Rating agency Moody’s said Tinubu’s readiness to confront these issues was “credit positive” but warned they risked a transitional period of higher inflation, weaker economic activity and more social discontent.
Eurobonds rose as much as 3 cents in the dollar, with the 2029 maturity at 87.25 cents by 1251 GMT. Its yield of 11.43% was the lowest since the end of January.
The naira currency hit record lows against the U.S. dollar on forward markets, with the three-month forward at 564 naira to 1 dollar, while Nigerian stocks rose 4% to a more than two-month high.
Tinubu, whose victory is being disputed in court by his main rivals, inherits record debt, foreign exchange and fuel shortages, a nearly two-decade-high inflation rate, poor power supply and falling oil production due to crude theft and underinvestment.
“The market is positive about the new president and the reform plans,” said Tajudeen Ibrahim, director of research at Nigerian investment firm Chapel Hill Denham.

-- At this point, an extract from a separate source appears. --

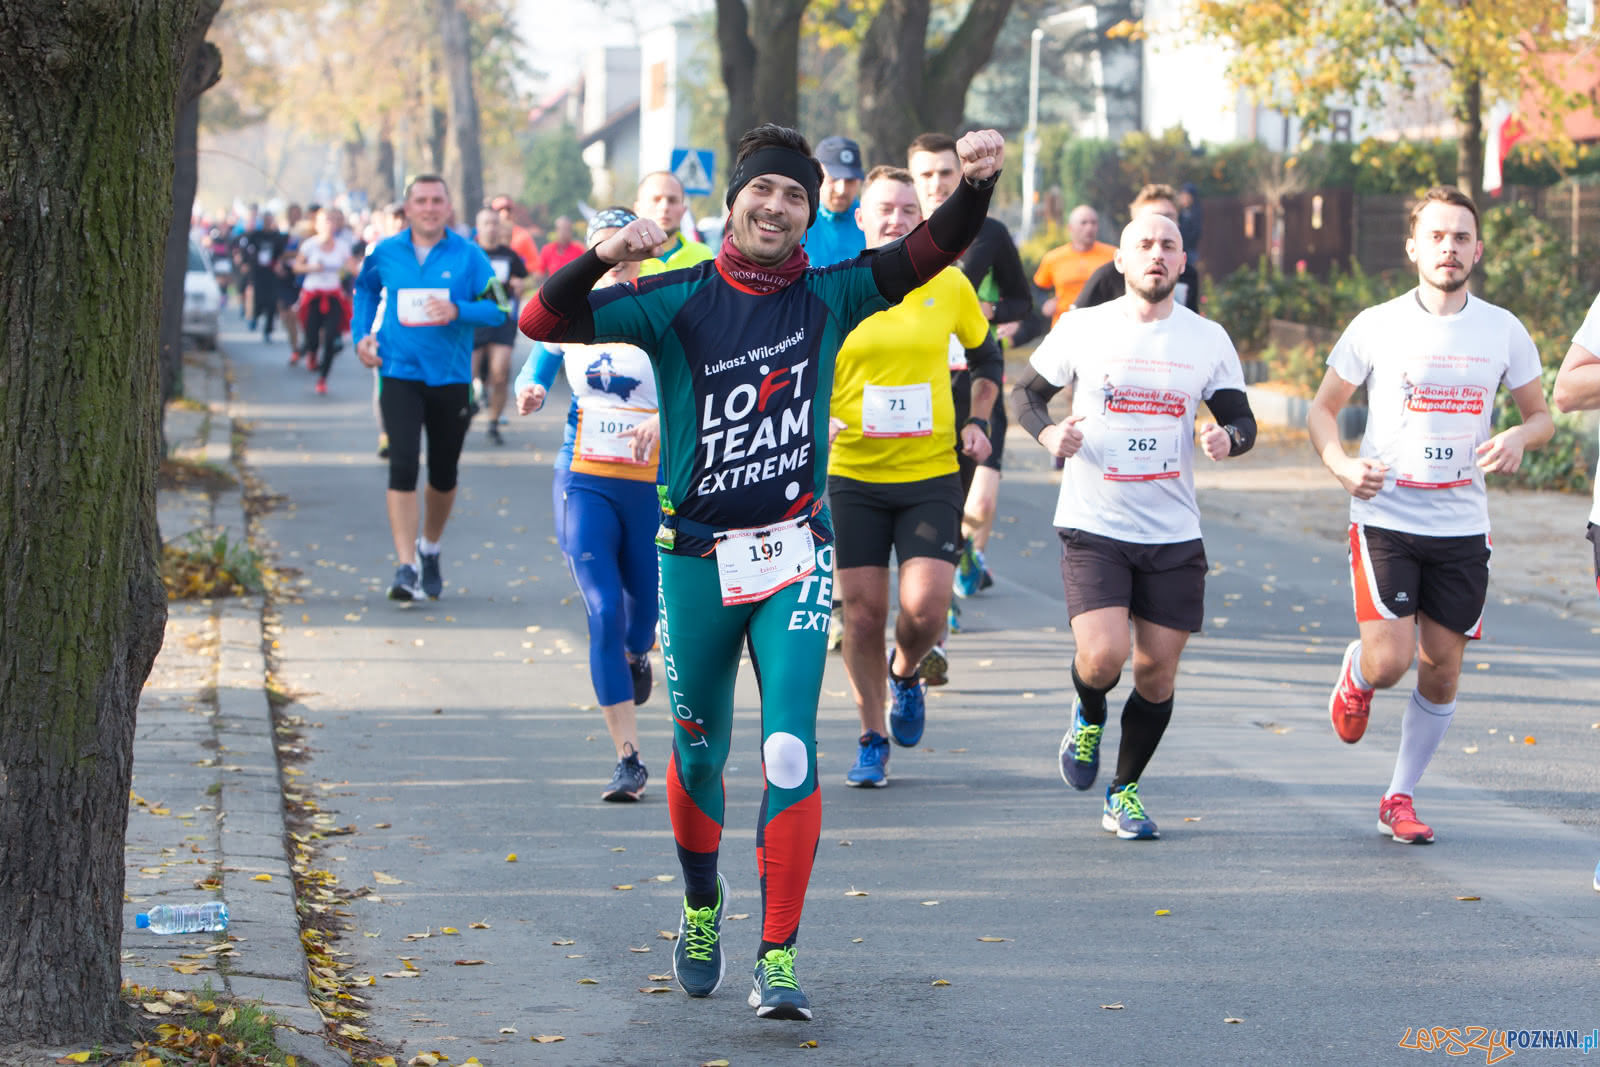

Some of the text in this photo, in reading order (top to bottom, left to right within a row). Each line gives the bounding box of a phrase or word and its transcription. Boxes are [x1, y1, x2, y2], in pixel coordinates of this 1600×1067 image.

Getting rid of the fuel subsidy, which cost $9.7 billion in 2022, reforming the foreign exchange market so profits can be repatriated, and raising tax revenues are all priorities for international investors, many of whom have pulled out of Nigeria in recent years.
However, Tinubu’s announcement at his swearing-in on Monday lacked details.
The 2023 budget provides for the subsidy until June 30.
“There is, however, likely to be a supplementary budget to accommodate for higher spending this year,” Netherlands-based Yvette Babb, a portfolio manager at William Blair Investment Management, said.
“This could technically accommodate additional spending on, for example, fuel subsidies, if this latest commitment proves too unpopular and or takes more time to implement.”
Tinubu enacting his election pledges “will underpin investor confidence”, South African research firm ETM Analytics said in a note.
Nigeria’s debt office said on Tuesday it would sell a new 30-year bond on the local market next month to extend maturity and boost the government’s domestic borrowing.